Figure 2. Single-cell-chromatin accessibility supports the genomic identity of eTACs as myeloid populations with uniquely accessible chromatin.

(A) Reduced dimensionality representation of ASAP-seq data, indicating the GFP and WT sample origins. (B) Annotated cell clusters of populations in ASAP-seq data. (C) Gene activity scores of Aire and Rorc across ASAP t-SNE. (D) Hierarchical clustering of pseudobulk ASAP-seq clusters by all ImmGen ATAC-seq data using a scaled cosine similarity metric. Rows min-max normalized. ImmGen populations cluster identities annotated in red as indicated.
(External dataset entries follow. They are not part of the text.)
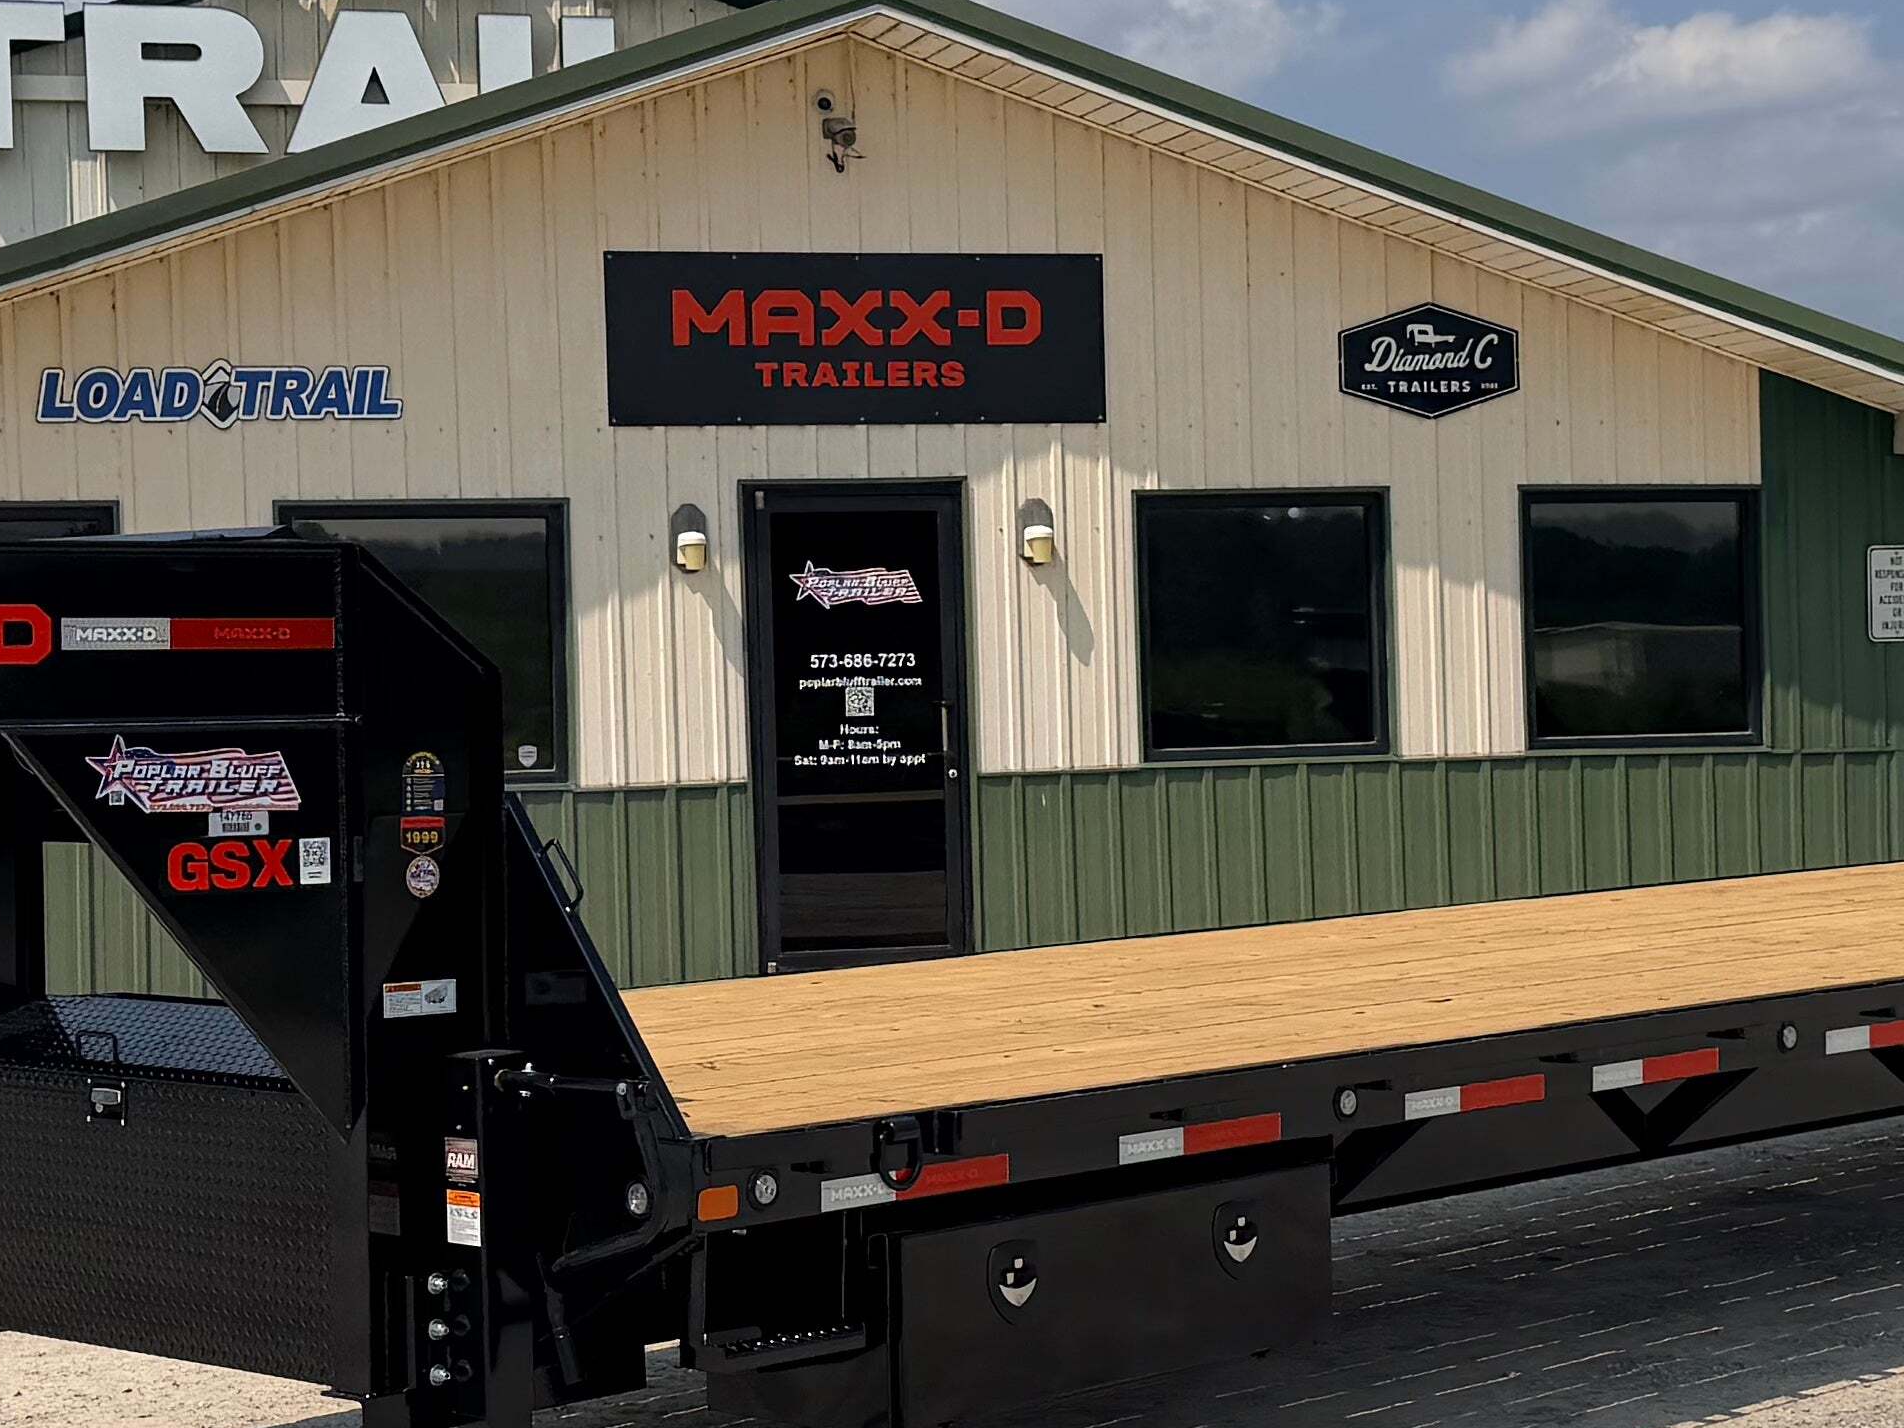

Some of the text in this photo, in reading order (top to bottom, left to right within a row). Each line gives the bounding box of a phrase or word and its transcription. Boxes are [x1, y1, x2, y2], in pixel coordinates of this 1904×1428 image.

[671, 289, 1043, 347] MAXX-D
[1364, 333, 1499, 372] Diamond C
[754, 361, 966, 388] TRAILERS
[37, 366, 403, 422] LOAD TRAIL
[1387, 380, 1471, 393] TRAILERS
[76, 627, 157, 641] MAXX-D
[810, 653, 916, 669] 573-686-7273
[114, 759, 282, 778] POPLAR BLUFF
[147, 779, 279, 793] TRAILER
[167, 839, 293, 892] GSX
[447, 1152, 475, 1169] RAM
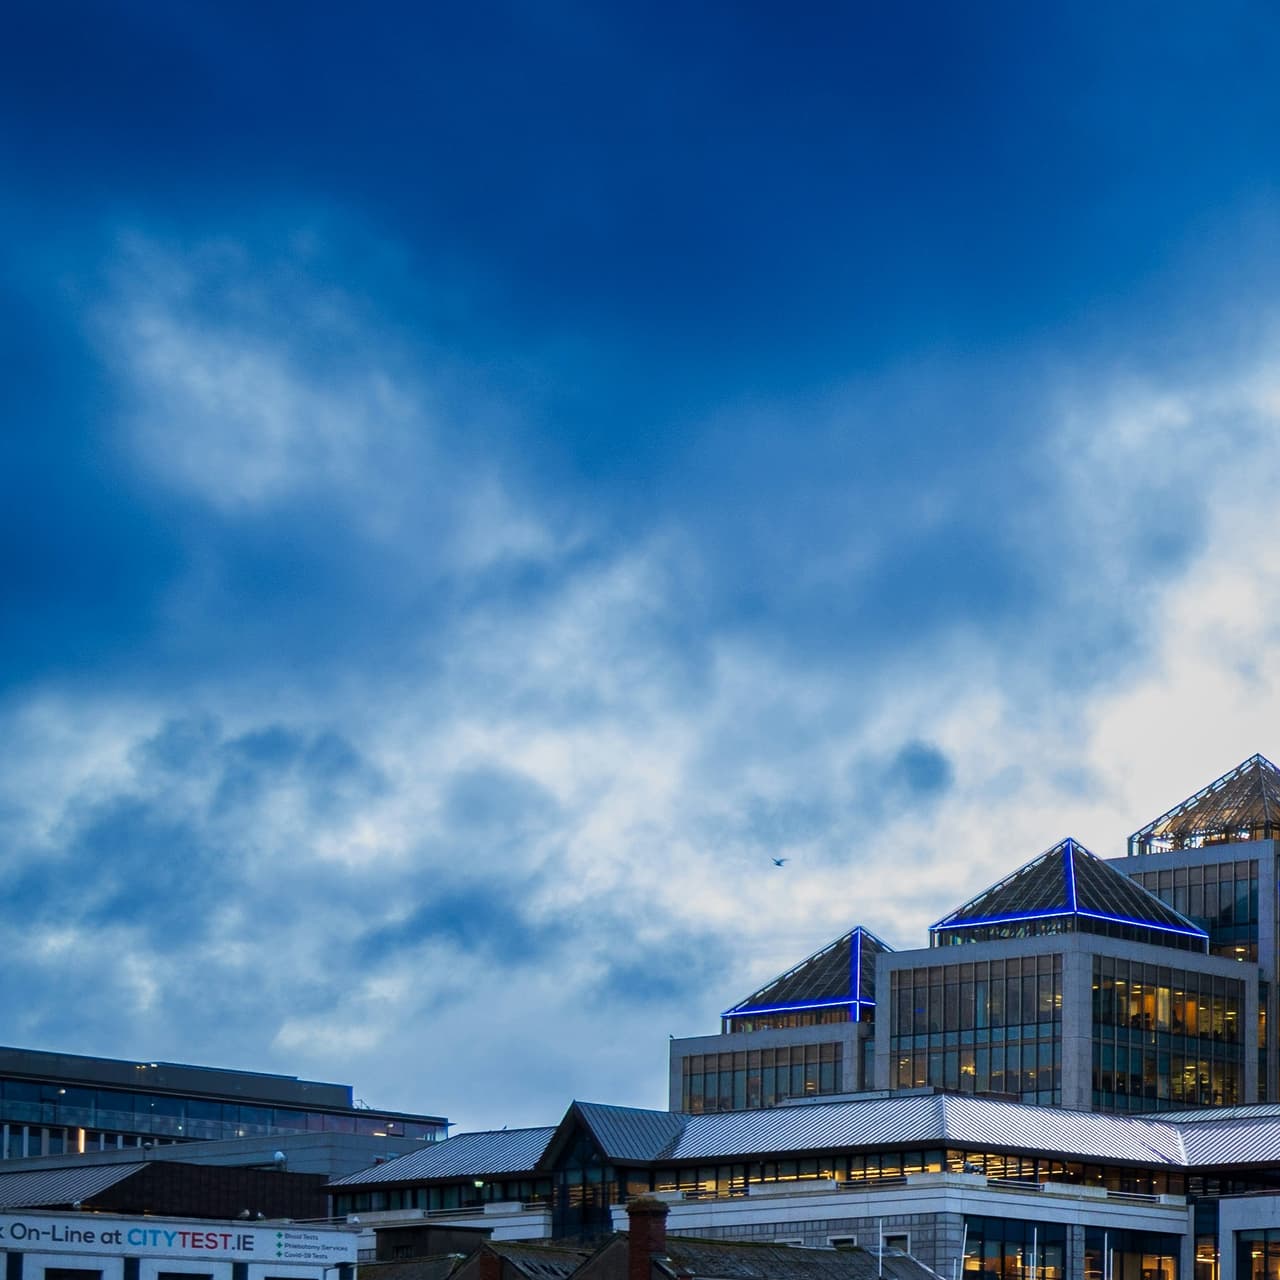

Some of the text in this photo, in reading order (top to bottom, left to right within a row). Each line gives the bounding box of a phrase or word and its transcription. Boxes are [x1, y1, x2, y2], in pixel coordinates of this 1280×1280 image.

[11, 1222, 95, 1243] On-Line
[100, 1229, 122, 1244] at
[127, 1227, 254, 1251] CITYTEST.IE
Aire-expressing populations are indicated with blue (migDC1/2) and red (JC) arrows, and mTECs from the ImmGen database with a green arrow. (E) Accessible chromatin landscape near the Aire locus, including the previously described CNS1 region (bottom). (F) Volcano plot of differential accessibility peaks, indicating the number of peaks with greater (n=12,571) or less (n=1,578) accessibility in Aire expressing populations. Aire locus peaks in large red dots; CNS1 locus as indicated. (G) Comparison of number of accessible chromatin fragments between eTACs and non-eTAC populations in the LN by box/violin overlay. Statistical test: Mann-Whitney test. (H) Per-cluster abundance of accessible chromatin fragments/cluster, box/violin overlay, noting highest accessibility in JCs. Boxplots: center line, median; box limits, first and third quartiles; whiskers, 1.5× interquartile range.